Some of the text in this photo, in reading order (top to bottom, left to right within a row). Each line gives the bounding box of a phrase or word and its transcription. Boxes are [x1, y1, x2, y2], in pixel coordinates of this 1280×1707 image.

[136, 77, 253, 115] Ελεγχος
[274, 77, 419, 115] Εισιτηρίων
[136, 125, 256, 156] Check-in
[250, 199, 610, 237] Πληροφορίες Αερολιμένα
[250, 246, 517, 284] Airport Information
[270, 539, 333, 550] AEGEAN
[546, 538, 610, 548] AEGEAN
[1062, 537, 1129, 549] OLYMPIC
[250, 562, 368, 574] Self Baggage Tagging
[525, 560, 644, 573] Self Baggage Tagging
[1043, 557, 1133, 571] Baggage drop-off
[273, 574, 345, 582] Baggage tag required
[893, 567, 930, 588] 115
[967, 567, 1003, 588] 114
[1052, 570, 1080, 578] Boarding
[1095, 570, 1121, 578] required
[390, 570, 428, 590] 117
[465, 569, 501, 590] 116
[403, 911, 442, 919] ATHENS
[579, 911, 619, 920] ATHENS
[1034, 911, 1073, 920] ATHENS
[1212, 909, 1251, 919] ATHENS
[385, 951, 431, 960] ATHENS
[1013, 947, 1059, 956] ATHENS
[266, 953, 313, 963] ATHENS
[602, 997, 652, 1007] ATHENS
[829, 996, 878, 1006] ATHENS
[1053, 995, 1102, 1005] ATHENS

## Exercise directions
The data above should be reproduced in full and exactly.

## Response below
Some of the text in this photo, in reading order (top to bottom, left to right within a row). Each line gives the bounding box of a phrase or word and its transcription. Boxes are [x1, y1, x2, y2], in pixel coordinates of this 1280×1707 image.

[136, 77, 253, 115] Ελεγχος
[274, 77, 419, 115] Εισιτηρίων
[136, 125, 256, 156] Check-in
[250, 199, 610, 237] Πληροφορίες Αερολιμένα
[250, 246, 517, 284] Airport Information
[270, 539, 333, 550] AEGEAN
[546, 538, 610, 548] AEGEAN
[1062, 537, 1129, 549] OLYMPIC
[250, 562, 368, 574] Self Baggage Tagging
[525, 560, 644, 573] Self Baggage Tagging
[1043, 557, 1133, 571] Baggage drop-off
[273, 574, 345, 582] Baggage tag required
[893, 567, 930, 588] 115
[967, 567, 1003, 588] 114
[1052, 570, 1080, 578] Boarding
[1095, 570, 1121, 578] required
[390, 570, 428, 590] 117
[465, 569, 501, 590] 116
[403, 911, 442, 919] ATHENS
[579, 911, 619, 920] ATHENS
[1034, 911, 1073, 920] ATHENS
[1212, 909, 1251, 919] ATHENS
[385, 951, 431, 960] ATHENS
[1013, 947, 1059, 956] ATHENS
[266, 953, 313, 963] ATHENS
[602, 997, 652, 1007] ATHENS
[829, 996, 878, 1006] ATHENS
[1053, 995, 1102, 1005] ATHENS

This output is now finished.